What the task asks ->
Please copy the entries below word for word, leaving out any image.

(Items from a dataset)
• • • • •
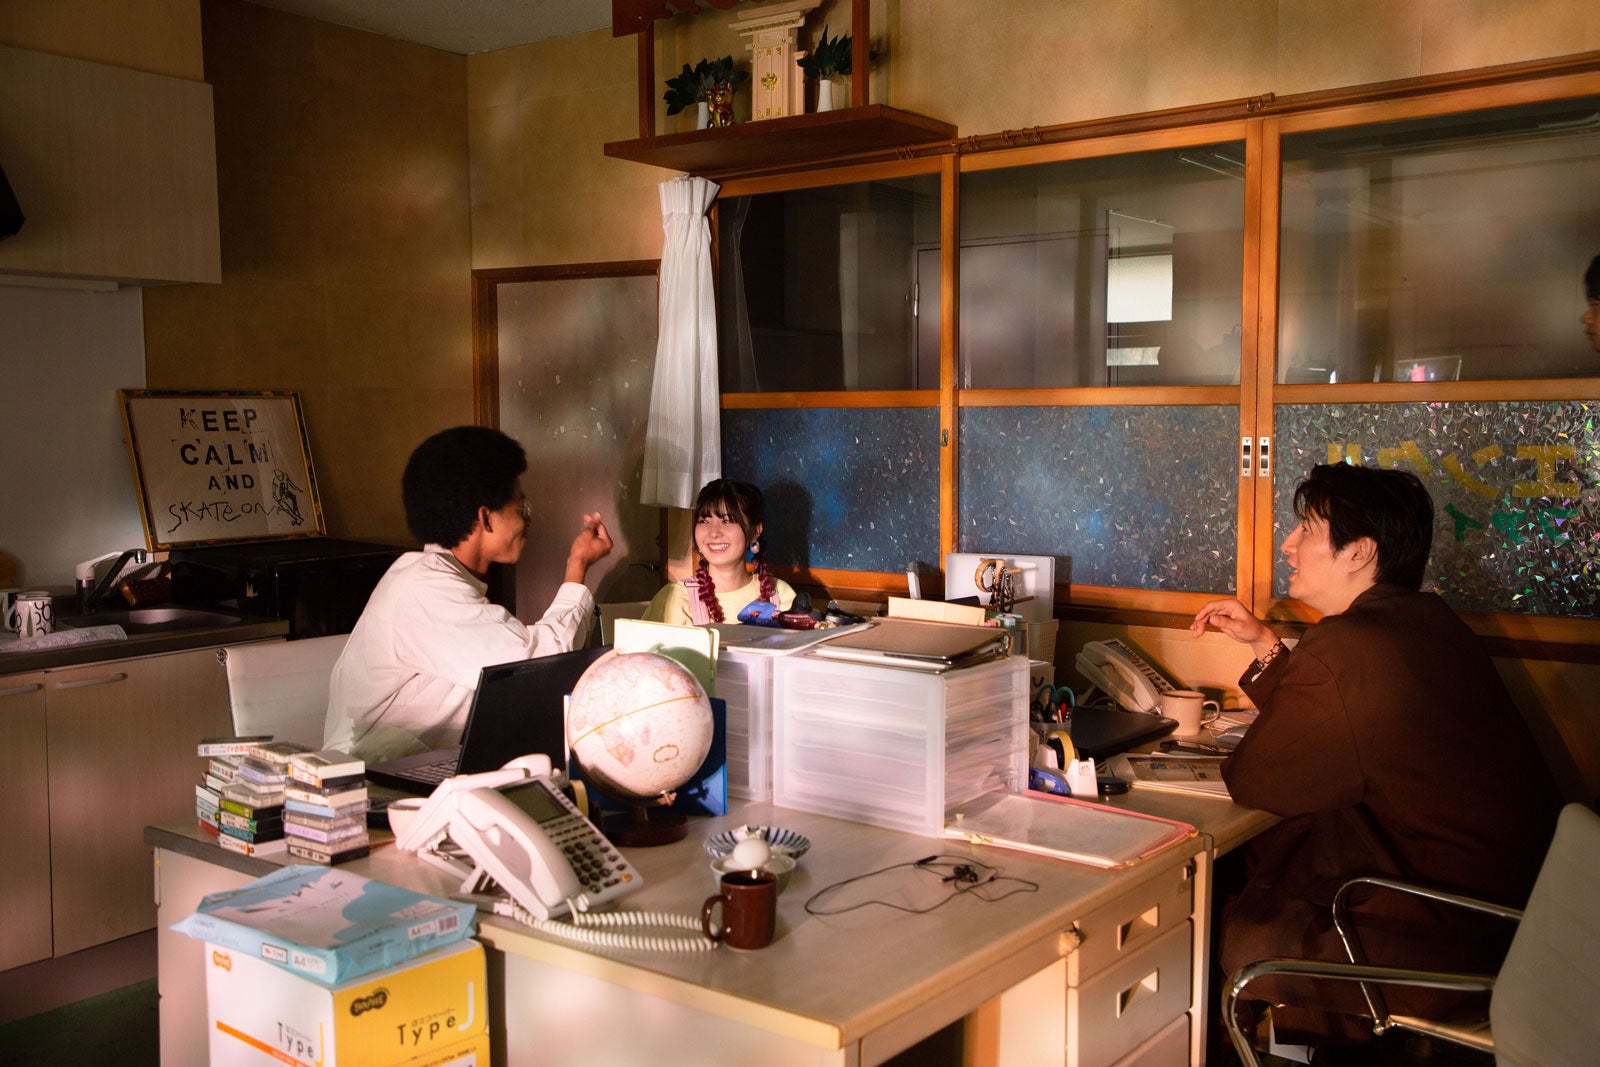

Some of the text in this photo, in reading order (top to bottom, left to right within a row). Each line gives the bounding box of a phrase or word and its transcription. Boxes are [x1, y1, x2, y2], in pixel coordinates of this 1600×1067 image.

[179, 408, 257, 431] KEEP
[180, 441, 269, 465] CALM
[208, 474, 255, 490] AND
[277, 1021, 314, 1059] Type
[397, 1016, 456, 1046] Type
• • • • •
Final answer ->
Some of the text in this photo, in reading order (top to bottom, left to right within a row). Each line gives the bounding box of a phrase or word and its transcription. Boxes are [x1, y1, x2, y2], in pixel coordinates of this 1600×1067 image.

[179, 408, 257, 431] KEEP
[180, 441, 269, 465] CALM
[208, 474, 255, 490] AND
[277, 1021, 314, 1059] Type
[397, 1016, 456, 1046] Type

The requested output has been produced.